Stored data entries:
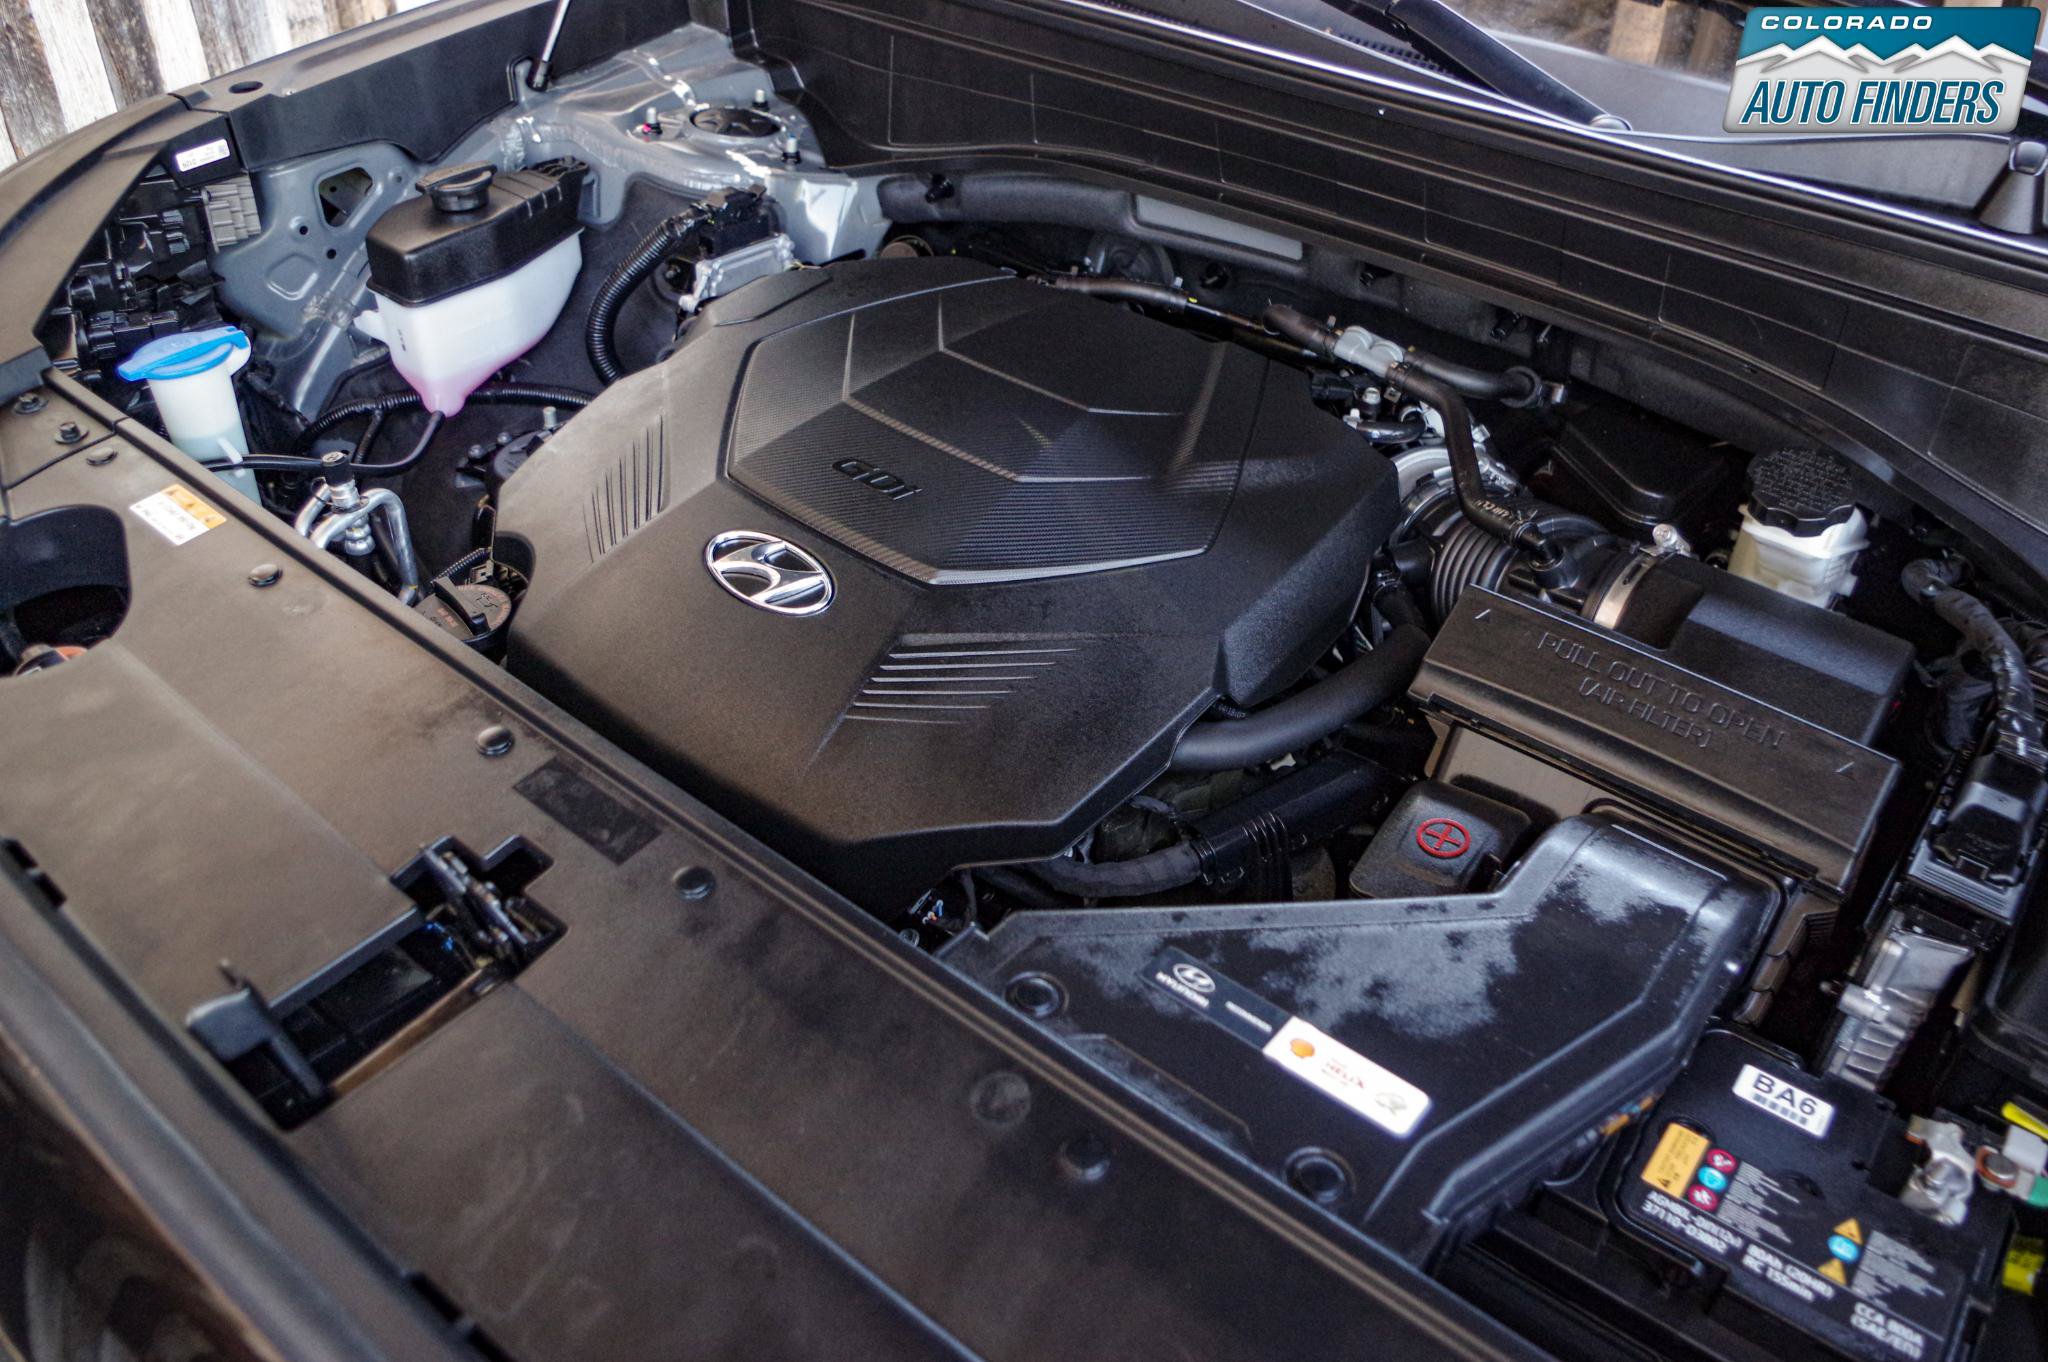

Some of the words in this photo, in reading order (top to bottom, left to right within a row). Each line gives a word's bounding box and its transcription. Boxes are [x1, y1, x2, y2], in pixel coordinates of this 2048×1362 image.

[1538, 632, 1602, 673] PULL
[1607, 661, 1667, 695] OUT
[1669, 683, 1704, 713] TO
[1706, 702, 1786, 747] OPEN
[1627, 698, 1712, 748] FILTER)
[1753, 1073, 1818, 1116] BA6
[1854, 1302, 1886, 1326] CCA

INSTRUCTIONS TO FOLLOW
Give the records again exactly as they stand, so that only the pictures are missing.

TASK OUTPUT
Some of the words in this photo, in reading order (top to bottom, left to right within a row). Each line gives a word's bounding box and its transcription. Boxes are [x1, y1, x2, y2], in pixel coordinates of this 2048×1362 image.

[1538, 632, 1602, 673] PULL
[1607, 661, 1667, 695] OUT
[1669, 683, 1704, 713] TO
[1706, 702, 1786, 747] OPEN
[1627, 698, 1712, 748] FILTER)
[1753, 1073, 1818, 1116] BA6
[1854, 1302, 1886, 1326] CCA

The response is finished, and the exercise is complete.